Task item. Below are records to reproduce in full; copy them exactly but keep the pictures out.

Referring expression grounding data

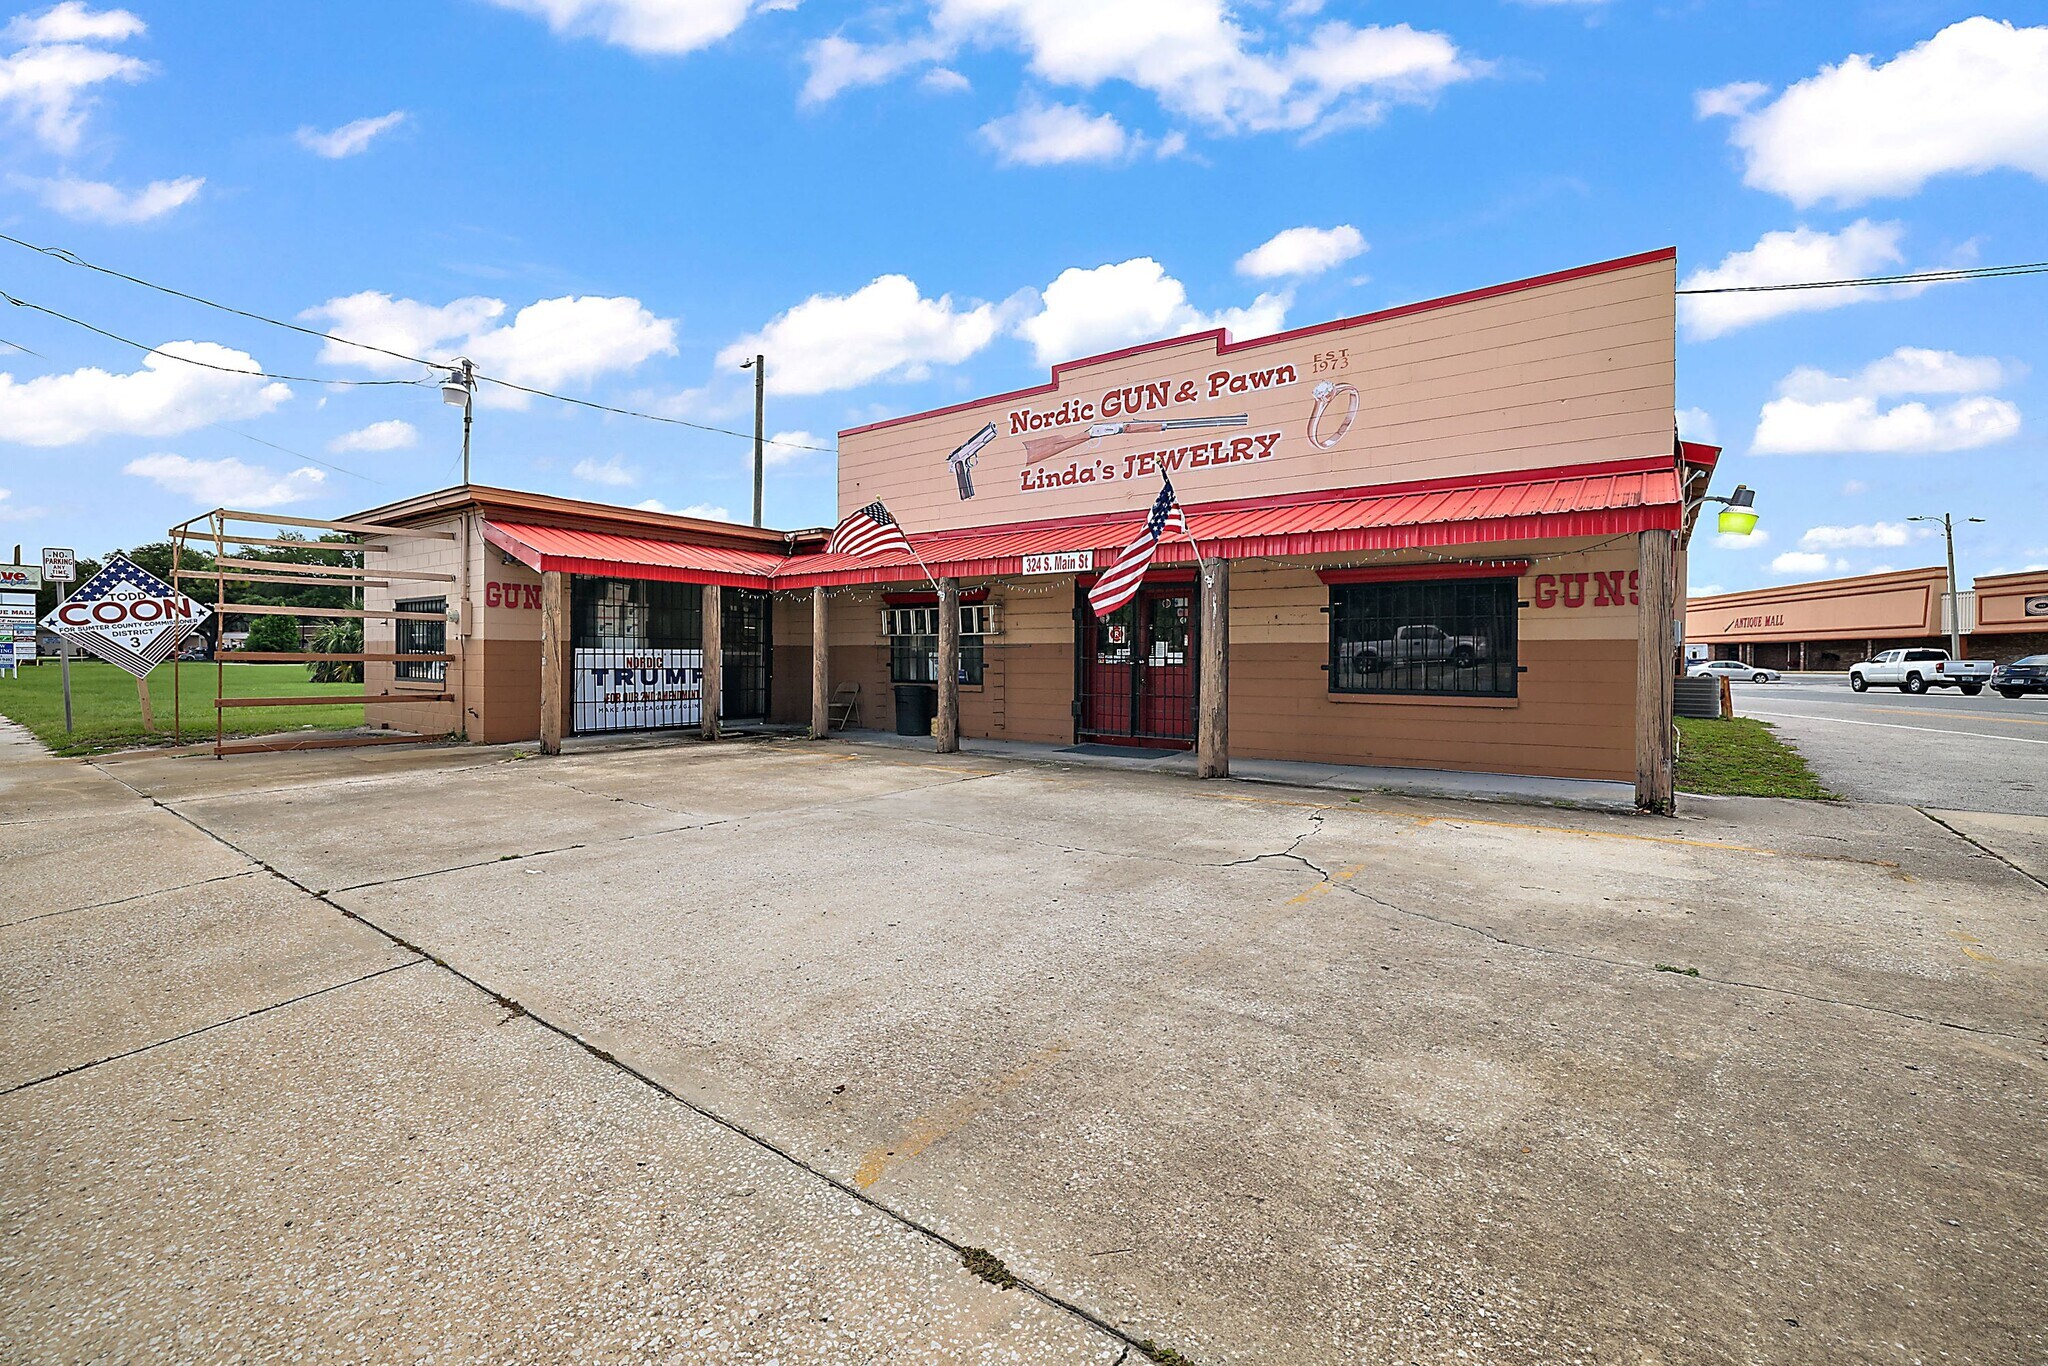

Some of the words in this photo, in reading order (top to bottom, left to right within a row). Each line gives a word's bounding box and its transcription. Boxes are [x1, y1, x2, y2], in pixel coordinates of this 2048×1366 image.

[1312, 357, 1349, 374] 1973
[1009, 399, 1095, 435] Nordic
[1100, 380, 1171, 418] GUN
[1174, 380, 1198, 402] &
[1208, 364, 1297, 398] Pawn
[1020, 459, 1115, 491] Linda's
[1122, 432, 1281, 479] JEWELRY
[45, 557, 73, 566] PARKING
[52, 551, 65, 559] NO
[1026, 556, 1042, 573] 324
[1043, 556, 1053, 571] S.
[1054, 554, 1076, 571] Main
[1078, 553, 1089, 569] St
[107, 592, 147, 602] TODD
[58, 597, 192, 626] COON
[77, 624, 110, 632] SUMTER
[111, 622, 143, 630] COUNTY
[1734, 616, 1762, 629] ANTIQUE
[1764, 614, 1785, 627] MALL
[112, 628, 154, 638] DISTRICT
[129, 637, 141, 648] 3
[626, 656, 664, 669] NORDIC
[591, 667, 703, 687] TRUMP

The completed task.
Some of the words in this photo, in reading order (top to bottom, left to right within a row). Each line gives a word's bounding box and its transcription. Boxes are [x1, y1, x2, y2], in pixel coordinates of this 2048×1366 image.

[1312, 357, 1349, 374] 1973
[1009, 399, 1095, 435] Nordic
[1100, 380, 1171, 418] GUN
[1174, 380, 1198, 402] &
[1208, 364, 1297, 398] Pawn
[1020, 459, 1115, 491] Linda's
[1122, 432, 1281, 479] JEWELRY
[45, 557, 73, 566] PARKING
[52, 551, 65, 559] NO
[1026, 556, 1042, 573] 324
[1043, 556, 1053, 571] S.
[1054, 554, 1076, 571] Main
[1078, 553, 1089, 569] St
[107, 592, 147, 602] TODD
[58, 597, 192, 626] COON
[77, 624, 110, 632] SUMTER
[111, 622, 143, 630] COUNTY
[1734, 616, 1762, 629] ANTIQUE
[1764, 614, 1785, 627] MALL
[112, 628, 154, 638] DISTRICT
[129, 637, 141, 648] 3
[626, 656, 664, 669] NORDIC
[591, 667, 703, 687] TRUMP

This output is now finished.